═════ INPUT MATERIAL

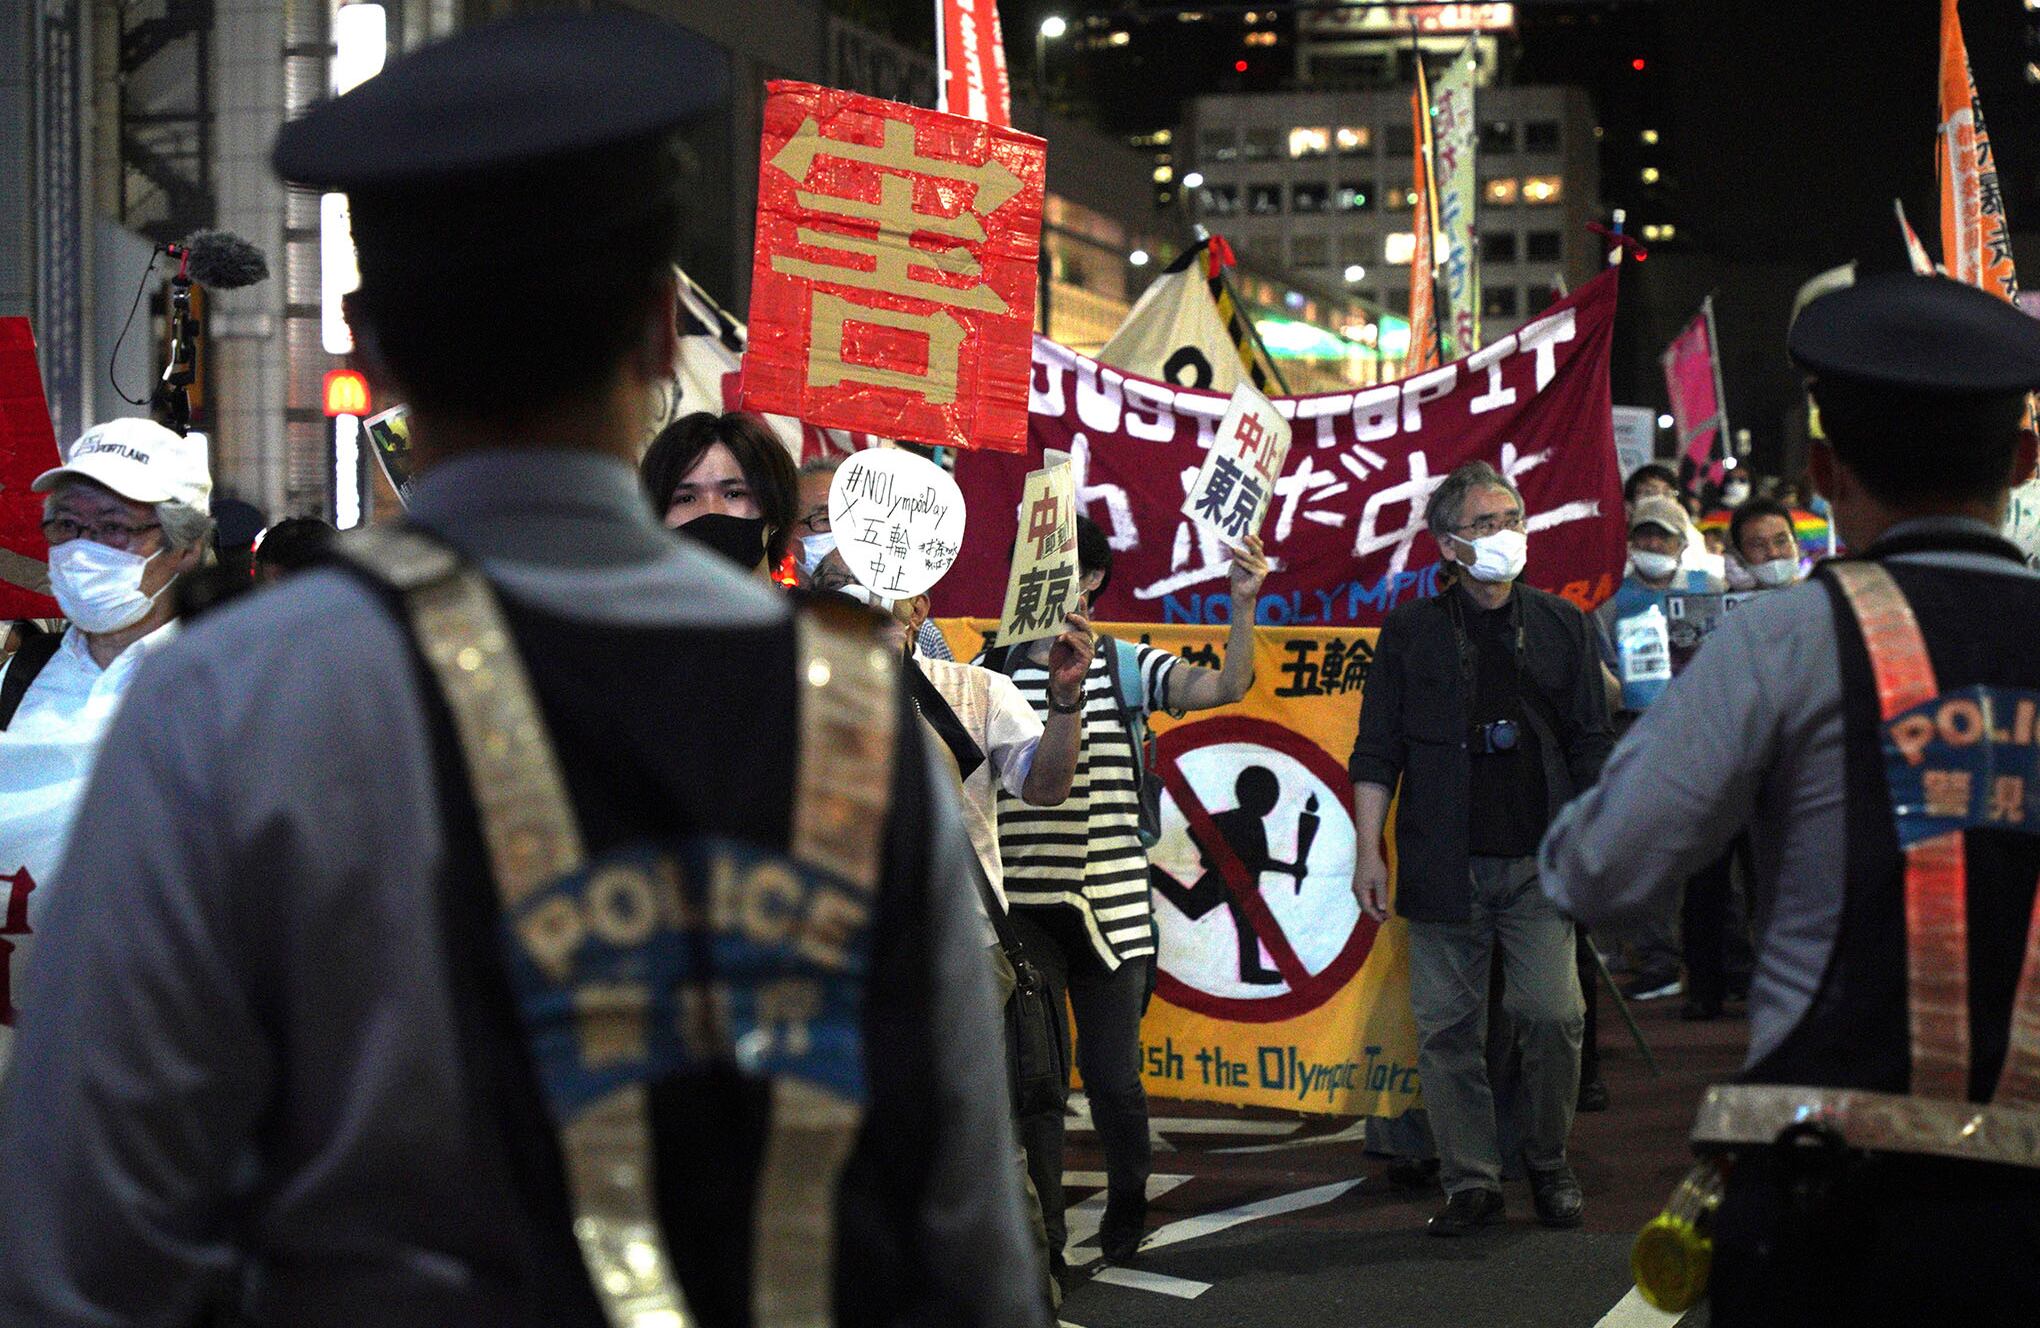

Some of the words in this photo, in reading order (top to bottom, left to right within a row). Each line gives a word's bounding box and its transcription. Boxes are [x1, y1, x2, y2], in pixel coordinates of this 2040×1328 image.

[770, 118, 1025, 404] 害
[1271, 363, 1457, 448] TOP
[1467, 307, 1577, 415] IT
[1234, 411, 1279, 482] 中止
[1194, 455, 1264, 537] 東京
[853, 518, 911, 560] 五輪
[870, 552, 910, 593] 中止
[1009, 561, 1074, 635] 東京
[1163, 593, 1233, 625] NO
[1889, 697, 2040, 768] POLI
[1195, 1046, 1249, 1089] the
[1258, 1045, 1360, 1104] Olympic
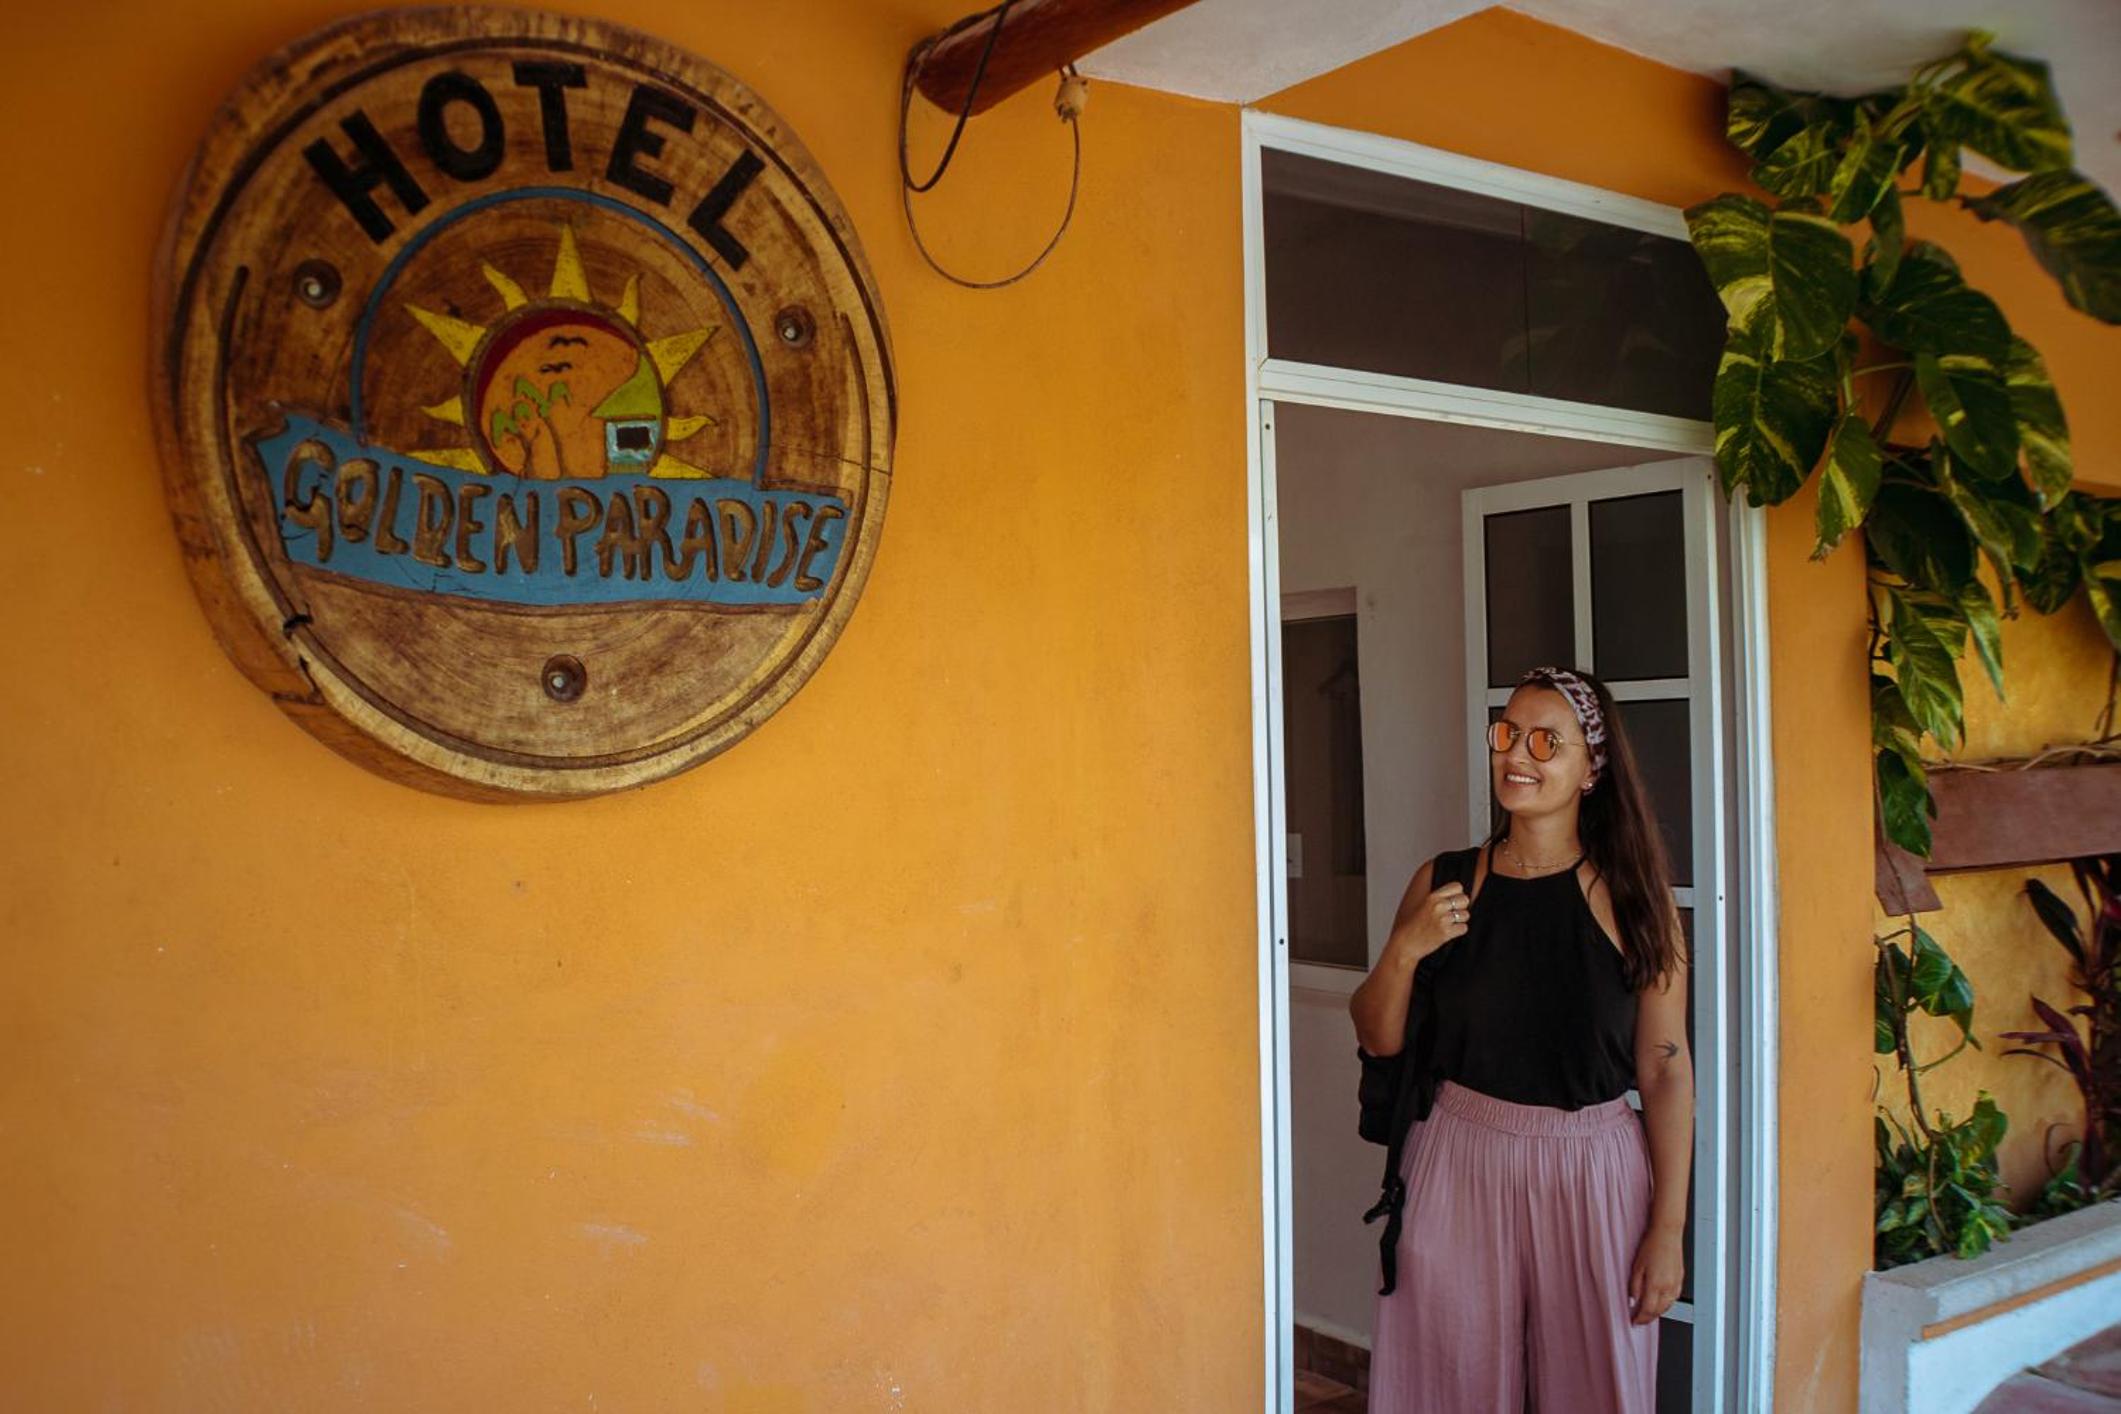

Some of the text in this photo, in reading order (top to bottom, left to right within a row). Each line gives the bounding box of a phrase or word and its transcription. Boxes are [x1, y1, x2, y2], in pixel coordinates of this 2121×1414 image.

══════════

YOUR TASK = Your copy should hold every entry exactly as written, but none of the pictures.

RESPONSE TO THE EXERCISE =
Some of the words in this photo, in reading order (top to bottom, left to right within a row). Each line gives a word's bounding box and its transcription. Boxes are [x1, y1, x2, y2], in pixel coordinates of this 2040×1328 image.

[770, 118, 1025, 404] 害
[1271, 363, 1457, 448] TOP
[1467, 307, 1577, 415] IT
[1234, 411, 1279, 482] 中止
[1194, 455, 1264, 537] 東京
[853, 518, 911, 560] 五輪
[870, 552, 910, 593] 中止
[1009, 561, 1074, 635] 東京
[1163, 593, 1233, 625] NO
[1889, 697, 2040, 768] POLI
[1195, 1046, 1249, 1089] the
[1258, 1045, 1360, 1104] Olympic

Some of the text in this photo, in reading order (top to bottom, left to right within a row). Each line gives the bounding box of a phrase or word and its transcription. Boxes are [x1, y1, x2, y2], in pixel coordinates of this 2121×1414 image.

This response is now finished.